Bluelobster AI vs Jarvis Labs: GPU Compute Price Comparison
Side-by-side comparison of GPU compute pricing, regions, billing models, and strengths for Bluelobster AI and Jarvis Labs. Updated July 2026.
Provider Overview
Strengths & Best For
Bluelobster AI is a US-based GPU cloud offering dedicated NVIDIA RTX GPU instances with free backups, per-VM firewall, BYOK Windows support, and a browser-based console included on every VM — no hidden fees. On-demand billing with no minimum commitment makes it accessible for developers and small teams running AI training or inference workloads. A value-focused GPU cloud for teams that want managed simplicity and transparent pricing.
- Free backups on every VM
- Per-VM firewall
- BYOK Windows
- Simple browser console
Jarvis Labs is an ML-focused GPU cloud offering H100, A100, and RTX instances with per-second billing, pre-configured environments for PyTorch, TensorFlow, and other popular frameworks, and a simple interface designed for machine learning engineers. On-demand GPU rental with no minimum commitment makes it easy to spin up and tear down instances for training runs, fine-tuning, and AI inference experiments. A popular choice for ML engineers who want pre-built environments and granular per-second billing.
- Per-second billing
- Pre-configured ML environments
- Simple UI
- Fast provisioning
Live GPU Pricing
Region Coverage
Popular Comparisons
Bluelobster AI — specialist provider
Bluelobster AI is a US-based GPU cloud offering dedicated NVIDIA RTX GPU instances with free backups, per-VM firewall, BYOK Windows support, and a browser-based console included on every VM — no hidden fees. On-demand billing with no minimum commitment makes it accessible for developers and small teams running AI training or inference workloads. A value-focused GPU cloud for teams that want managed simplicity and transparent pricing.
Jarvis Labs — specialist provider
Jarvis Labs is an ML-focused GPU cloud offering H100, A100, and RTX instances with per-second billing, pre-configured environments for PyTorch, TensorFlow, and other popular frameworks, and a simple interface designed for machine learning engineers. On-demand GPU rental with no minimum commitment makes it easy to spin up and tear down instances for training runs, fine-tuning, and AI inference experiments. A popular choice for ML engineers who want pre-built environments and granular per-second billing.
Billing model comparison
Bluelobster AI uses a On-demand billing model with a minimum commitment of None. Jarvis Labs uses On-demand (per-second) billing with a None minimum. Both providers offer flexible billing options — compare the live pricing table above to find the best rate for your specific GPU model and workload duration.
Which workloads each provider suits best
Bluelobster AI is best suited for: Developers wanting managed simplicity, Windows GPU workloads, Budget-conscious teams. Its key strengths are free backups on every vm, per-vm firewall, byok windows. Jarvis Labs is best suited for: ML engineers, Notebook-based workflows, Teams wanting pre-built environments. Its key strengths are per-second billing, pre-configured ml environments, simple ui. Both providers target similar workload profiles — the live pricing table above is the most reliable way to determine which offers better value for your specific GPU model and region requirements.

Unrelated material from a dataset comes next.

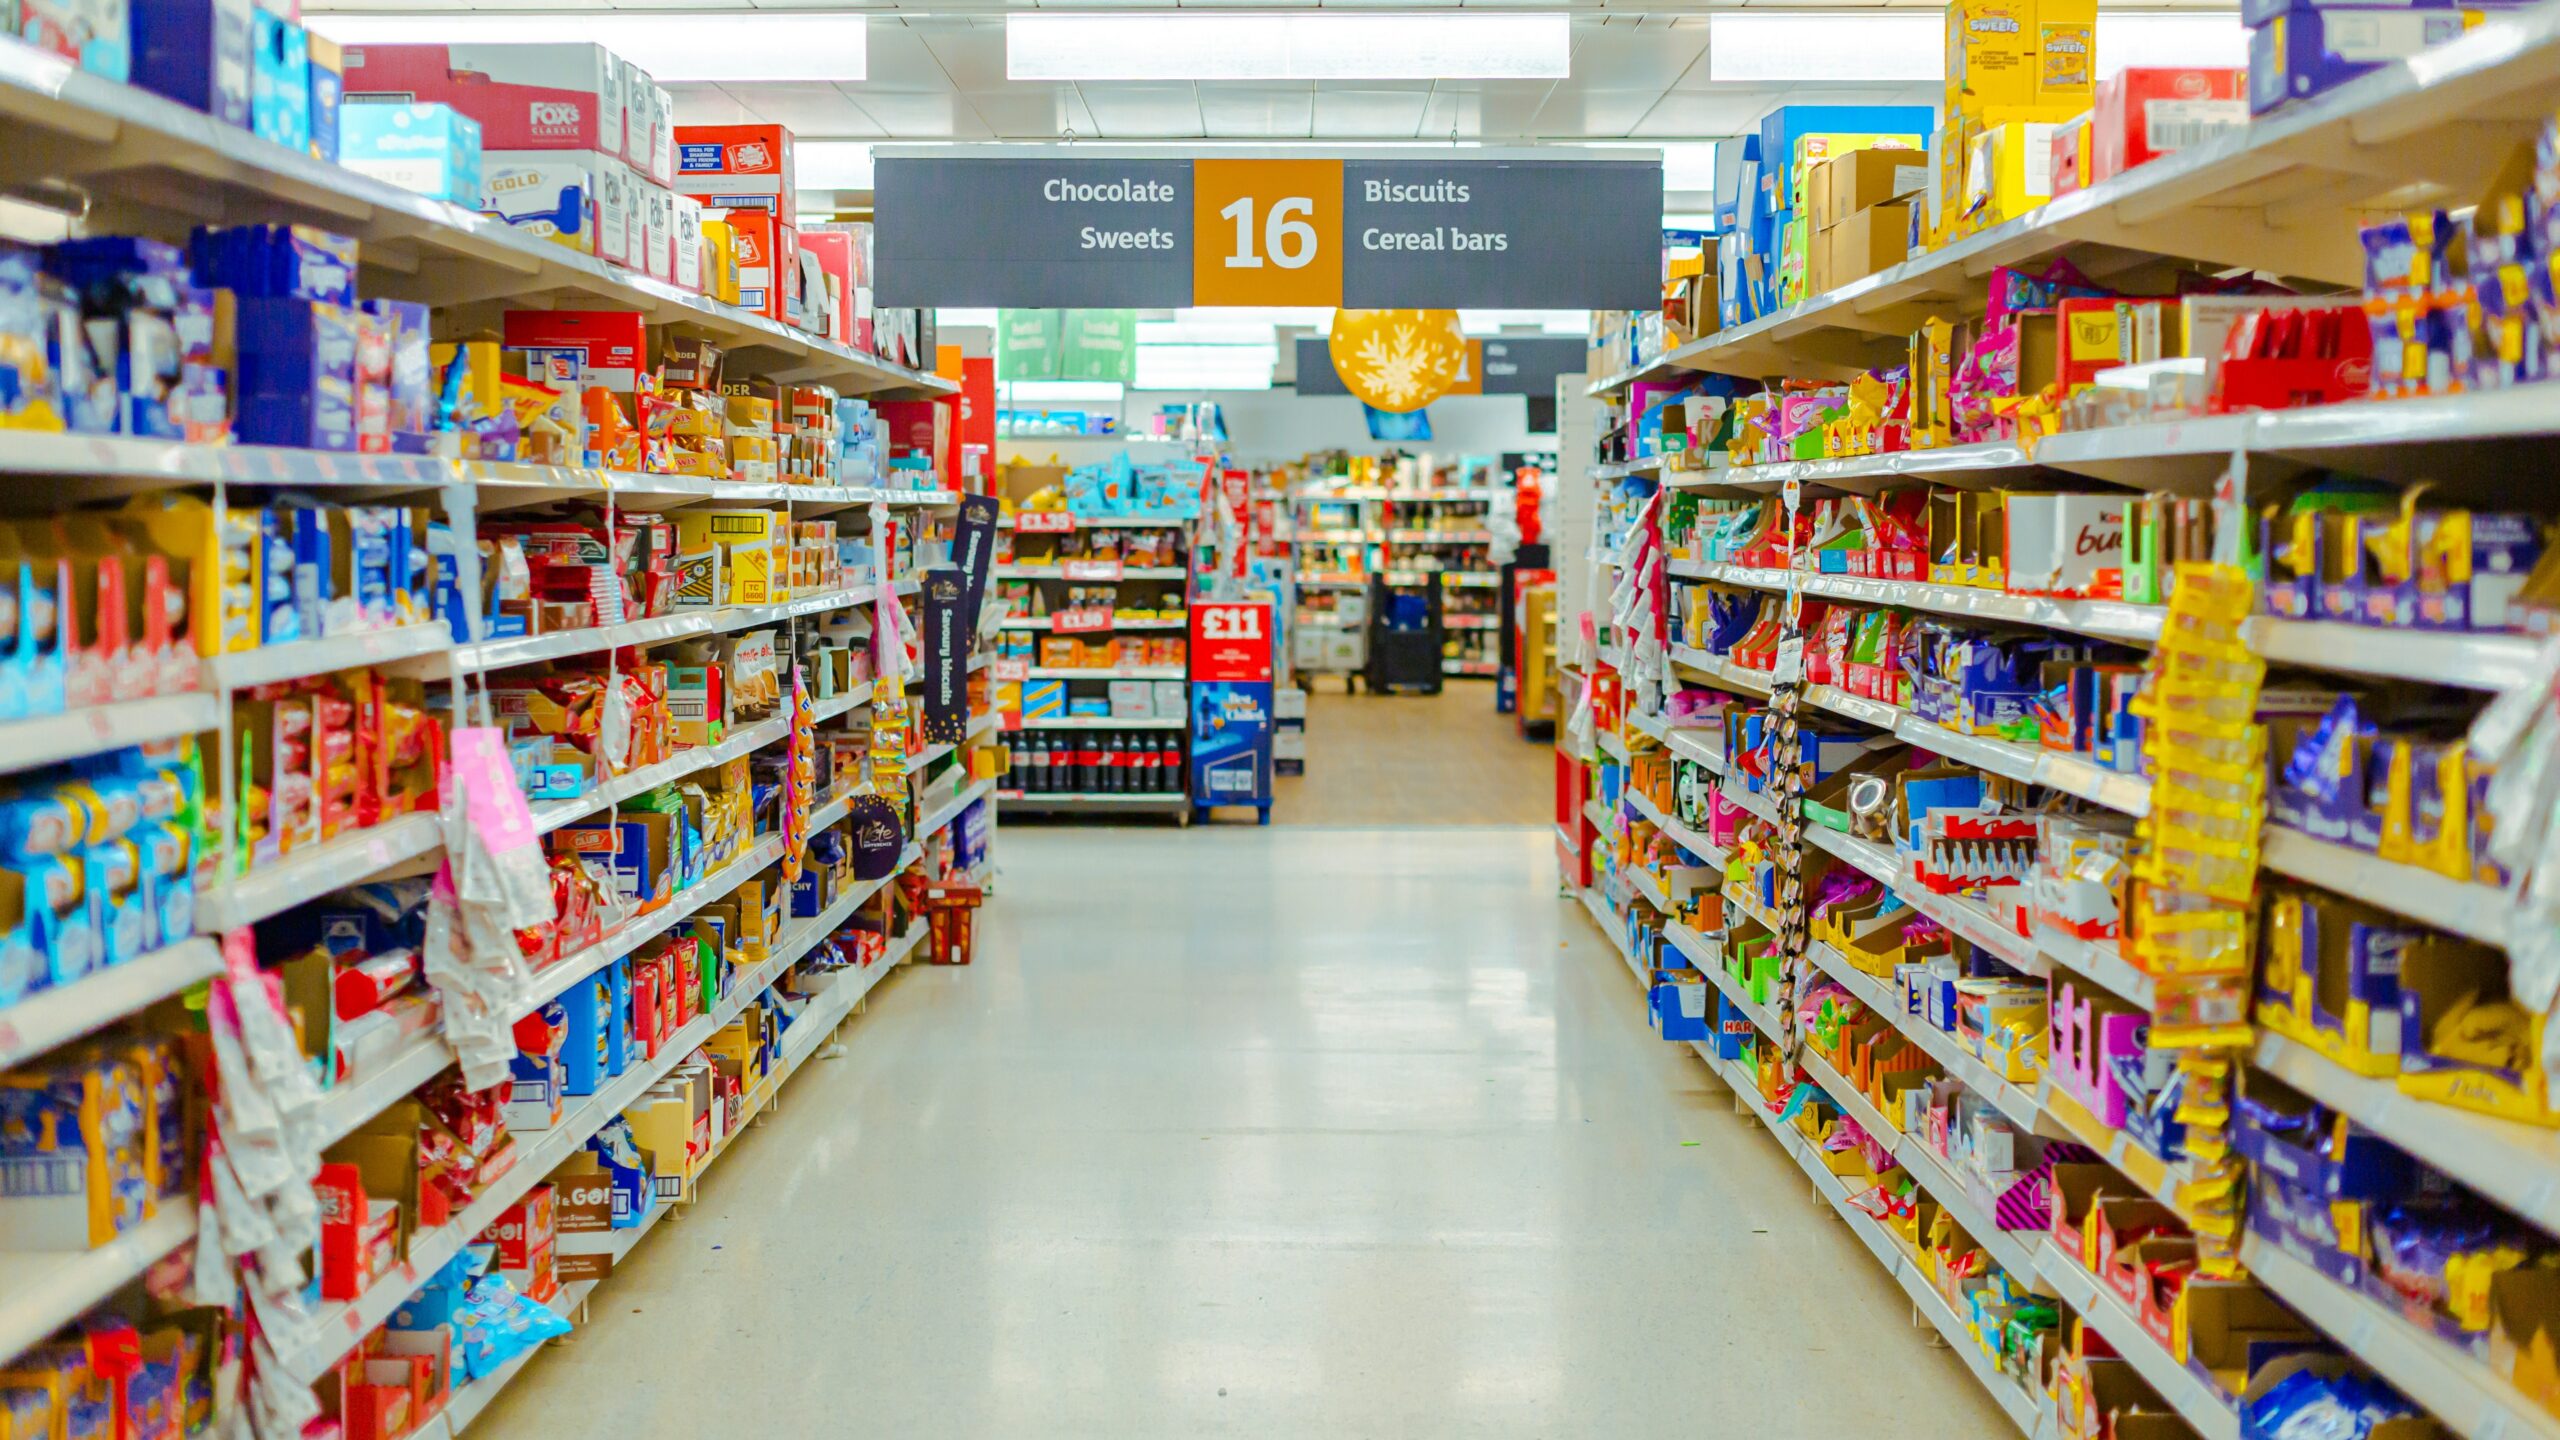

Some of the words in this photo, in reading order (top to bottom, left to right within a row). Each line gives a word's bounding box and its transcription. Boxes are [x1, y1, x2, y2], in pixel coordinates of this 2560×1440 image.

Support tiers and region coverage
Bluelobster AI offers Community → Standard support across 1 region (US). Jarvis Labs offers Community → Pro support across 2 regions (US, EU). Jarvis Labs's broader region footprint gives it an advantage for latency-sensitive workloads or teams with data residency requirements in specific geographies.
Provider background: Bluelobster AI vs Jarvis Labs
Bluelobster AI was founded in 2024 and is headquartered in Wilmington, DE. Jarvis Labs was founded in 2020 and is headquartered in San Francisco, CA. Jarvis Labs has 4 years more operational history than Bluelobster AI, which may matter for teams evaluating provider stability and long-term contract risk. Use the live pricing table above to compare current on-demand and spot rates for specific GPU models, and the region map to verify coverage in your target geography.